### [Provided material]
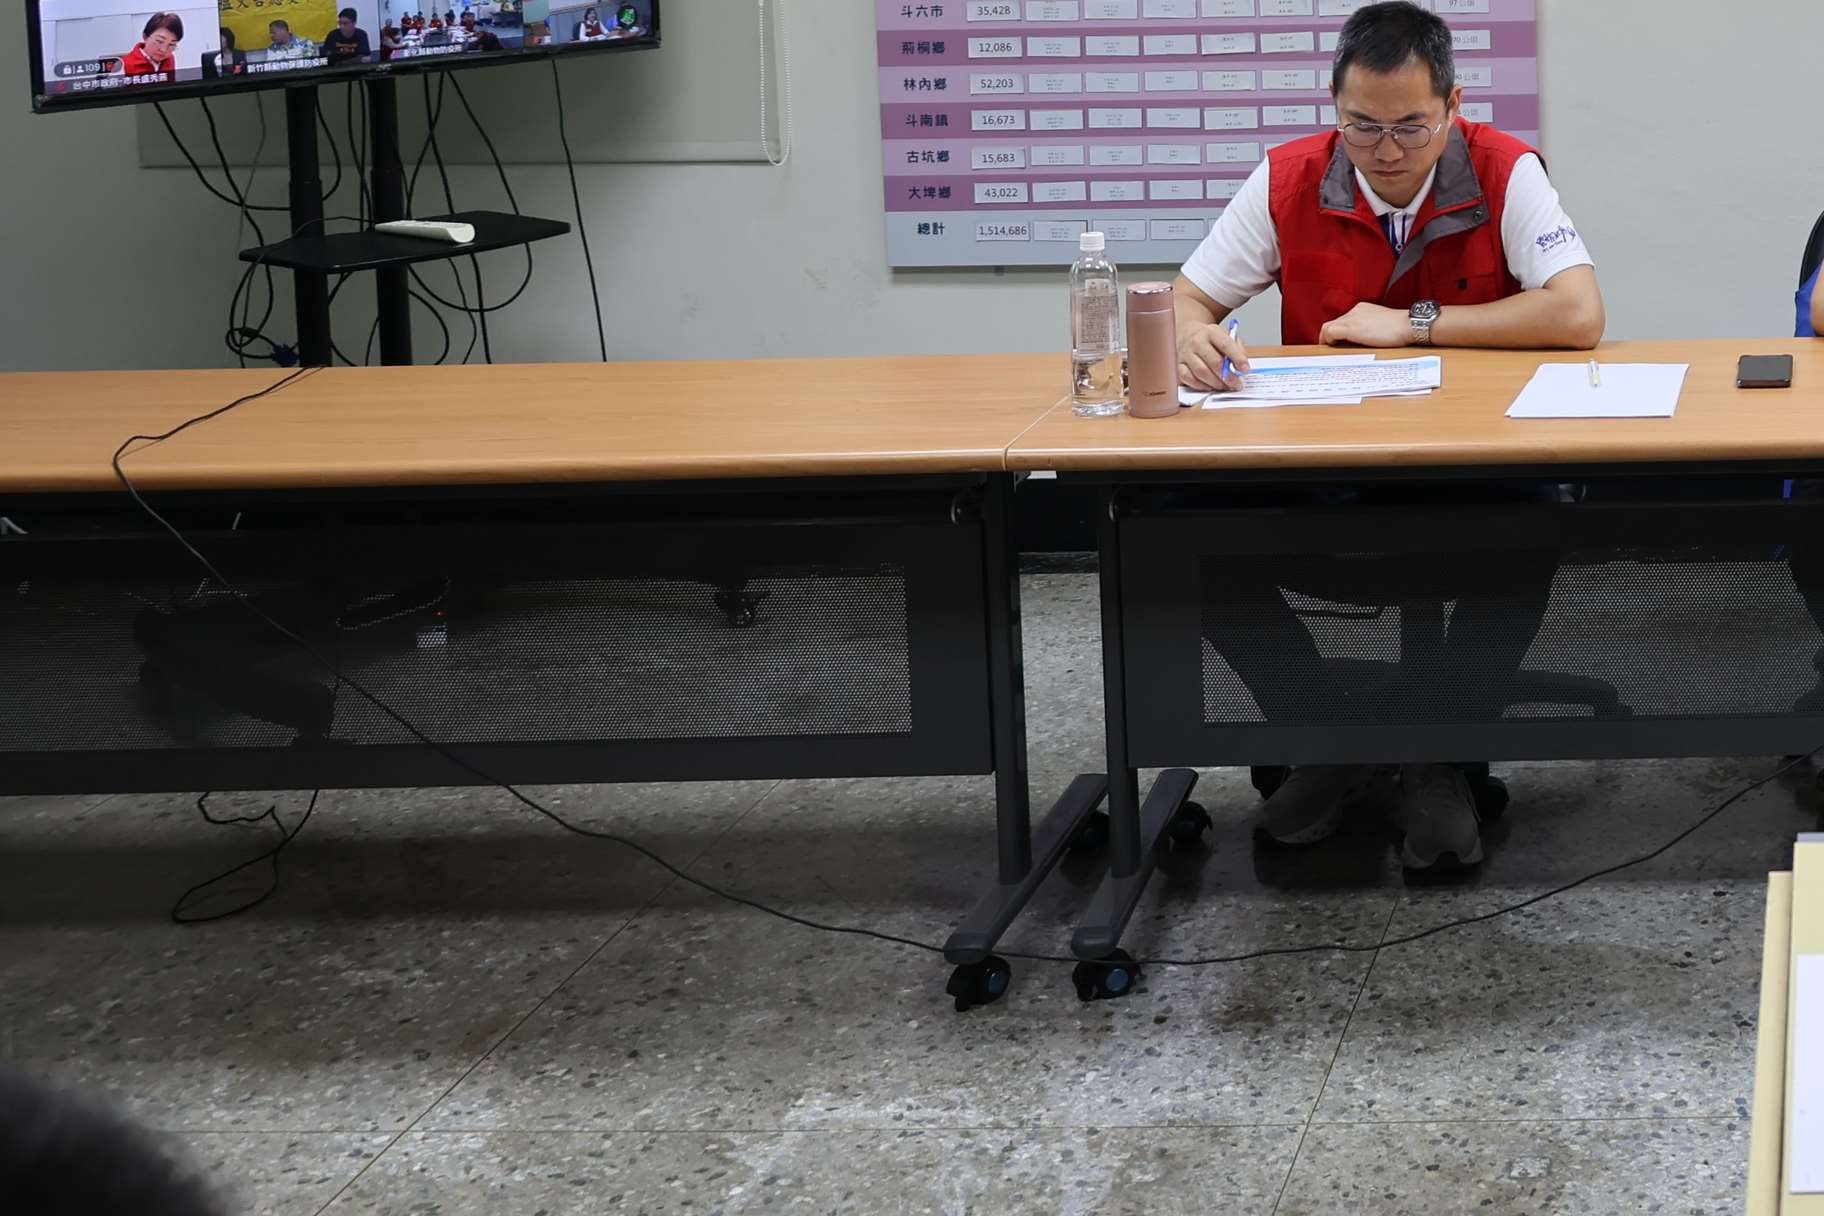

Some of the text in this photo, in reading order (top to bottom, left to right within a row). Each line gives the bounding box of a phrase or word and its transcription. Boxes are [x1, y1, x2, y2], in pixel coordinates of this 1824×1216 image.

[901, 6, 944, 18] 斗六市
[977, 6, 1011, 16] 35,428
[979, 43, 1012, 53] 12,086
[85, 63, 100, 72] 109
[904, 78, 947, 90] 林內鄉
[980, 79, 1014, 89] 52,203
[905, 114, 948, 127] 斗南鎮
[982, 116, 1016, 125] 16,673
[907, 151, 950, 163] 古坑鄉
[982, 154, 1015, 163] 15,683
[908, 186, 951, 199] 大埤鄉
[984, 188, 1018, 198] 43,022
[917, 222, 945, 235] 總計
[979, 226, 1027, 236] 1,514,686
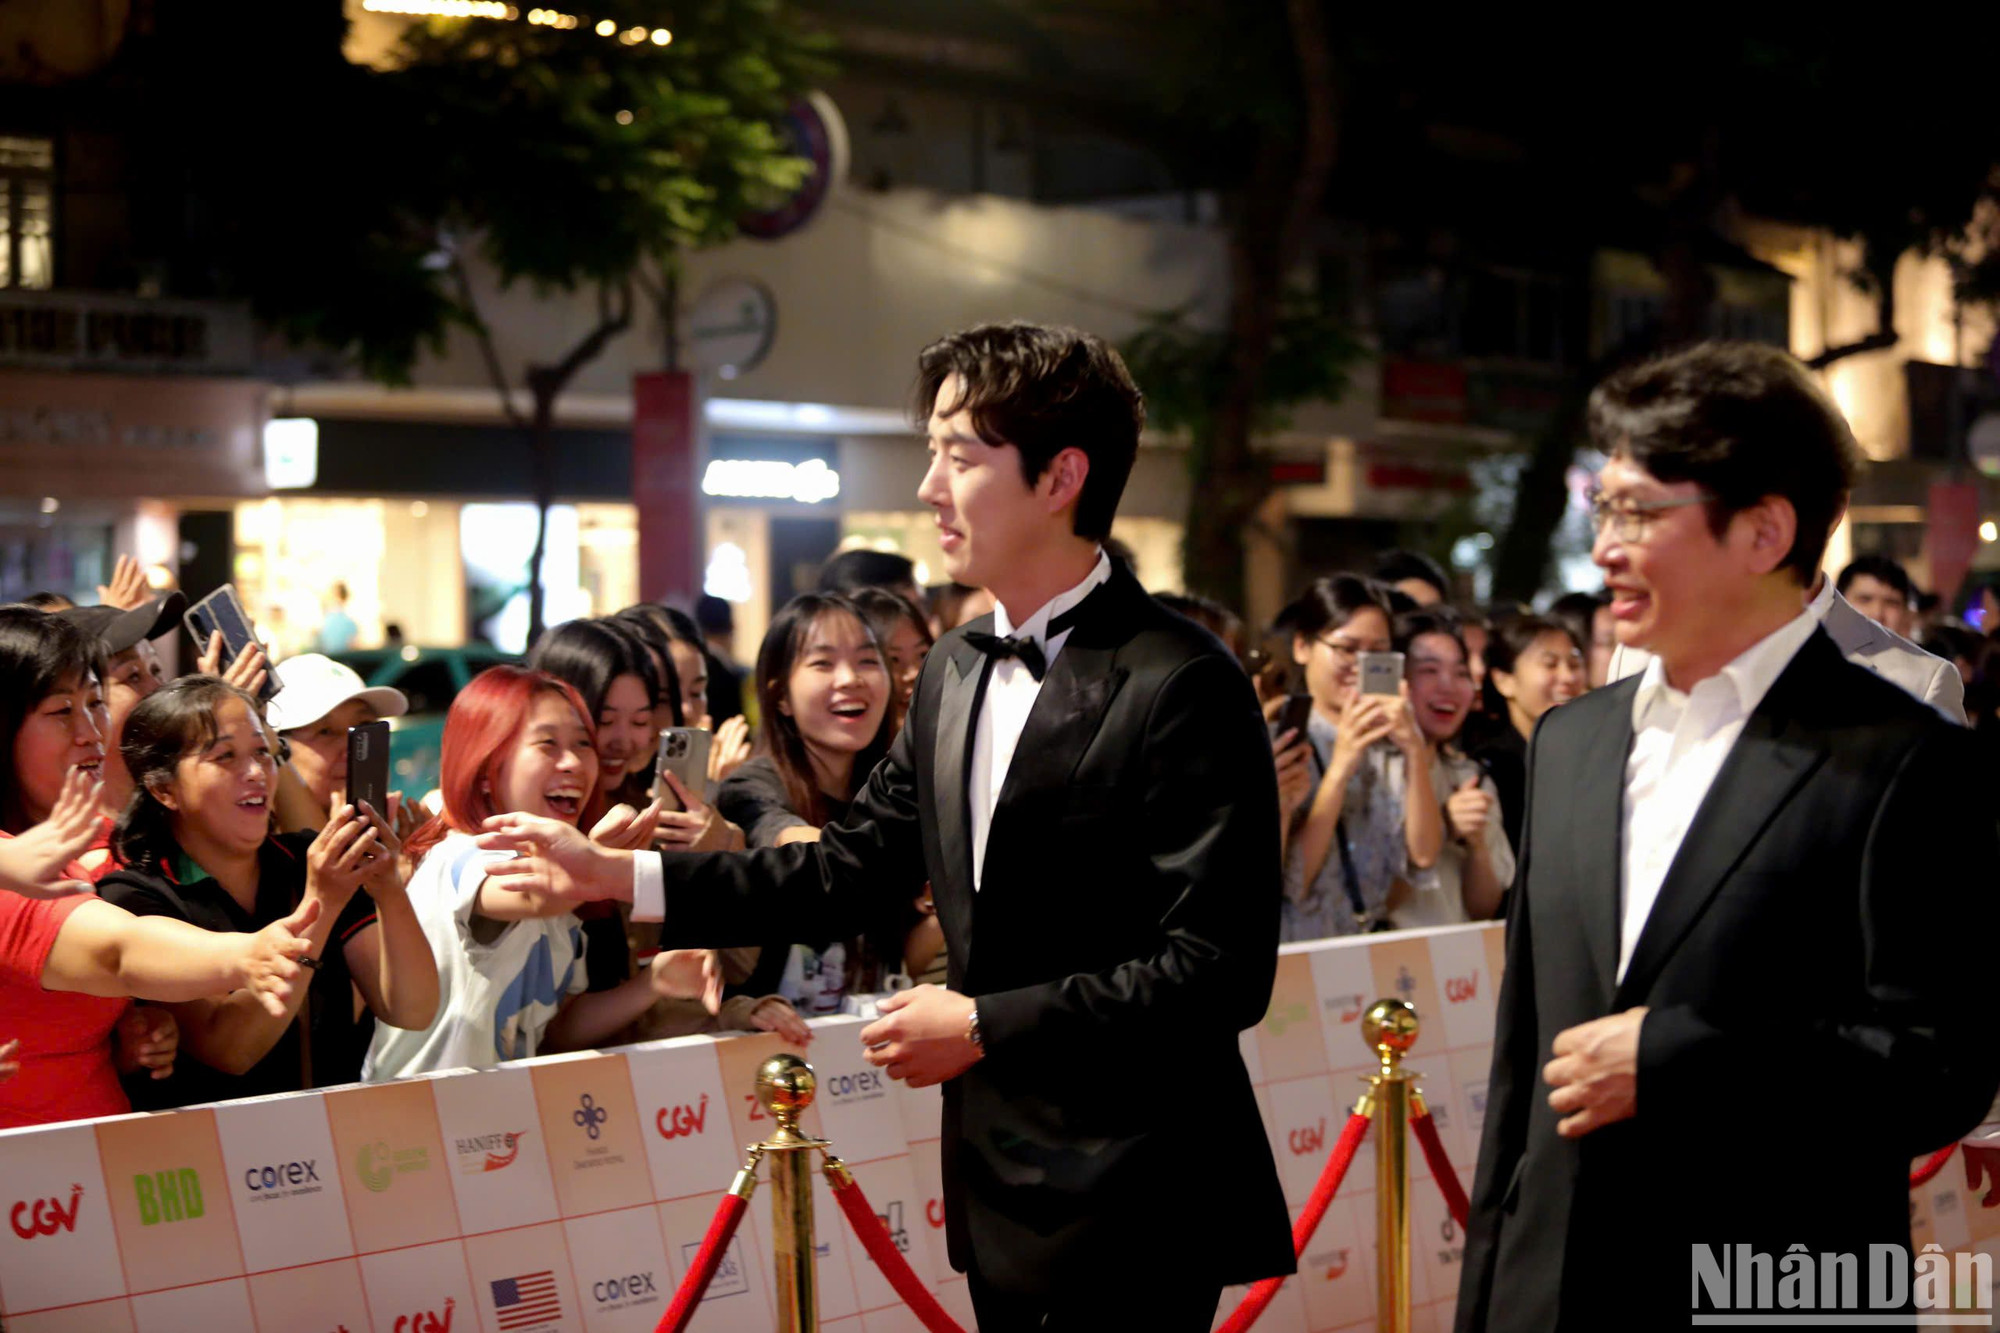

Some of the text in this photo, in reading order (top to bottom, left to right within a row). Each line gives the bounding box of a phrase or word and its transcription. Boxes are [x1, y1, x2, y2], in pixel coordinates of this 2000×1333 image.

### [Exercise goal]
Copy every record exactly, dropping the images.

### [Problem solution]
Some of the text in this photo, in reading order (top to bottom, left to right within a row). Each line gives the bounding box of a phrase or word and its transcription. Boxes are [x1, y1, x2, y2], in pixel coordinates of this 1824×1216 image.

[901, 6, 944, 18] 斗六市
[977, 6, 1011, 16] 35,428
[979, 43, 1012, 53] 12,086
[85, 63, 100, 72] 109
[904, 78, 947, 90] 林內鄉
[980, 79, 1014, 89] 52,203
[905, 114, 948, 127] 斗南鎮
[982, 116, 1016, 125] 16,673
[907, 151, 950, 163] 古坑鄉
[982, 154, 1015, 163] 15,683
[908, 186, 951, 199] 大埤鄉
[984, 188, 1018, 198] 43,022
[917, 222, 945, 235] 總計
[979, 226, 1027, 236] 1,514,686

Some of the text in this photo, in reading order (top to bottom, left to right within a row). Each line gives the bounding box of a phrase or word and its transcription. Boxes are [x1, y1, x2, y2], in pixel coordinates of this 2000×1333 image.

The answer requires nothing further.